Christ knows how you’ve a tooth left in your head.’
‘Good for you,’ replied John. ‘Cream and sugar. Kill the taste of this lousy tea. Bloody English tea.’ He snorted contemptuously, ‘Ugh, lousy lousy.’
‘British tea,’ corrected Charles out of habit. ‘Why d’you buy the stuff then?’
‘Who knows?’ The landlord bit off a chunk of bread and munched happily.
‘John,’ said Charles, ‘this is the finest sausage I’ve ever tasted.’
‘Back home,’ replied John, mouth filled with salami, ‘back home this is only average.’ He drank some tea. ‘Charles you should go to my country sometime. Food!’ his eyes widened. ‘Ha! In England you oil the machine that right?’
‘Don’t talk with your mouth full man. You remind me of old Jackson up the stair,’ said Charles.
‘He pay me every Wednesday. Every Wednesday never misses.’
‘What’s that got to do with his eating habits? Every time I talk to him when we’re eating I can’t see my tea for his dinner floating around in my cup.’
‘Ah plenty rent no manners,’ the landlord shrugged his shoulders, ‘How bad?’
‘You are all business John, all business,’ Charles shook his head slowly.
‘All business!’ cried the landlord. ‘All business? Eat my sausage and pay me nothing.’ Joranski jumped to his feet. ‘You shout business to me!’
‘Take it easy man.’
‘Easy? If I’m business you’d be in Euston Station, dossing with dossers. Come on get more tea Scotchman.’
‘Get it yourself you immigrant bastard,’ answered Charles in anger.
‘Immigrant bastard?’ repeated John. ‘Get the tea! Get a job! Comb your hair and get it cut and a bath. Come on get some rent money for me,’ he bellowed pounding his chest with a slice of bread.
‘Just gave you nine quid man. What you on about?’
‘Fifteen I want. Five weeks at three is fifteen plus two and six for this food.’ John thumped his table and sat down. ‘You think I’m daft Scotchman. You come and tap me for the money by Sunday morning I know.’
‘You just told me to ask if I needed it for God’s sake.’
‘I’m a bloody fool,’ he whacked his forehead with his hand. ‘Right Scotchman I get the tea.’ He stood up again.
‘That’s okay John,’ Charles got to his feet, ‘I’ll go for it.’
‘Sit!’ bawled the landlord, brandishing the bread knife. ‘I cut your bloody head off.’
‘Okay you get the bloody tea then,’ Charles sat down.
‘Lazy lazy dossing Scotch bastard. Come on why don’t you go home?’
‘This is my home, Joranski. Thought you were getting the tea Daddy?’
The landlord snorted, ‘My son would not be like you.’
He went through to the kitchen and returned with the teapot.
‘No,’ he continued, ‘I throw him out if he is like you.’
Charles said nothing.
‘Come on.

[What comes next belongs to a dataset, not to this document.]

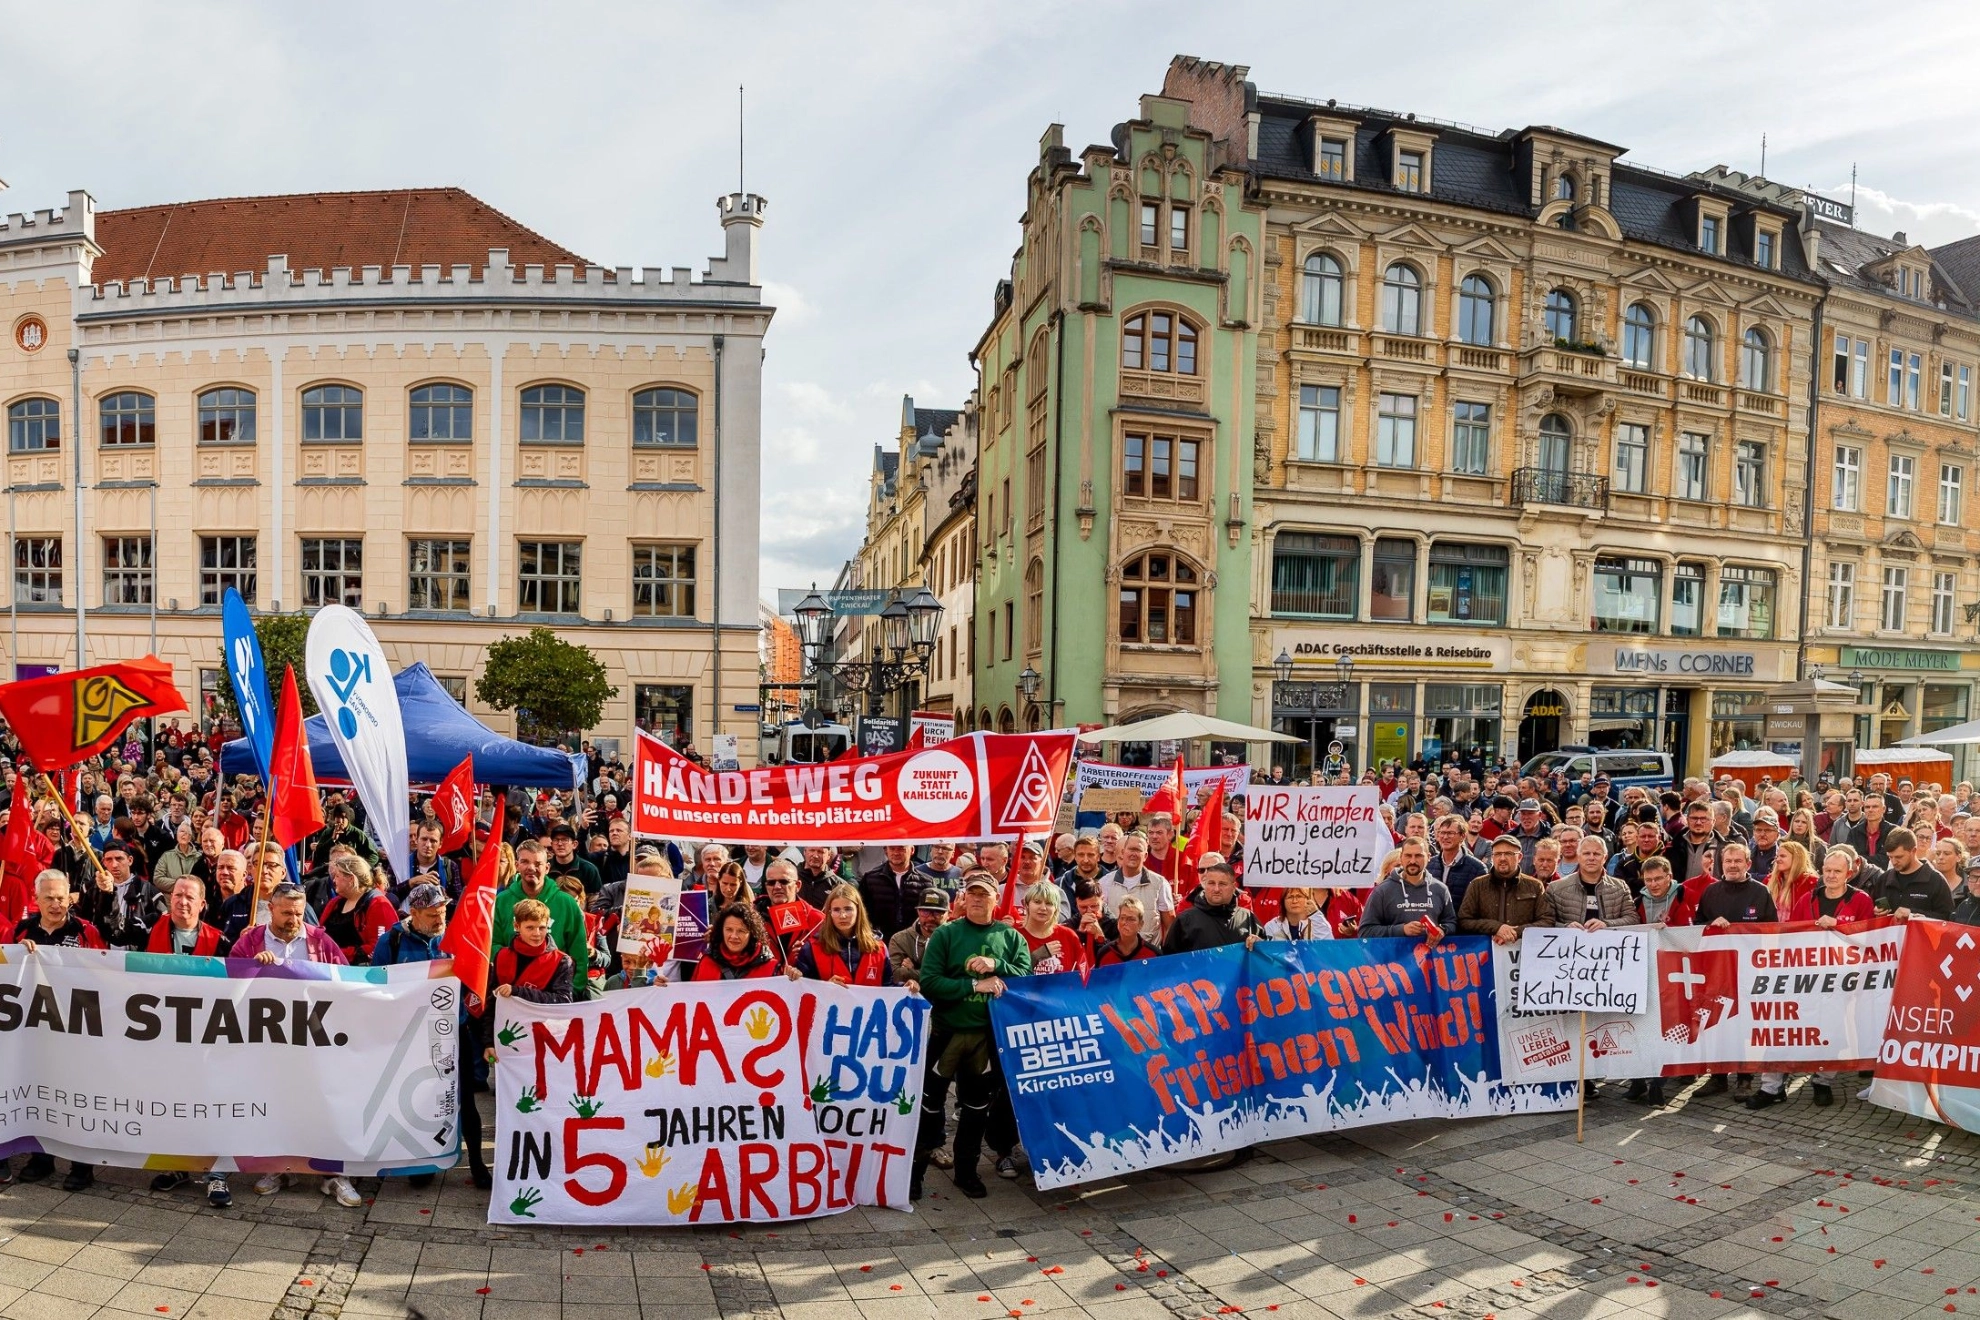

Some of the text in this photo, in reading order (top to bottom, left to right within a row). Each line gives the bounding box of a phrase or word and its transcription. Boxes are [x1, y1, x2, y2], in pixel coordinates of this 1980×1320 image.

Take some more sausage. Plenty cheese.’
‘Thanks.’ Charles cut a slice and passed it to John.
The landlord bit a chunk and grinned, ‘Old Jackson won’t eat sausage. I offer him many times but he says no. Garlic.’
‘Yeah garlic,’ agreed Charles, ‘course he’s English.’
‘Yeah,’ nodded John, ‘he’s English.’
Both men finished and began clearing the table.
‘Well?’ asked Mr Joranski, ‘You going to buy me some beer now?’
‘Okay! With pleasure. Come.’
An old pub near the Angel
Charles wakened at 9.30 a.m. and wasted no time in dressing. Good God it’s about time for spring surely. Colder than it was yesterday though and I’ll have to wash and shave today. Must. The face has yellow lines. I can’t wear socks today. Impossibility. People notice smells although they say nothing.
Think I will do a moonlight tonight, I mean five weeks’ rent? He has cause for complaint. Humanity. A touch of humanity is required. He has fourteen tenants paying around £3.00 each for those poxy wee rooms, surely he can afford to let me off paying once in a while. One of his longest-serving tenants. Man I’ve even been known to clean my room on occasion with no thought of rent reduction.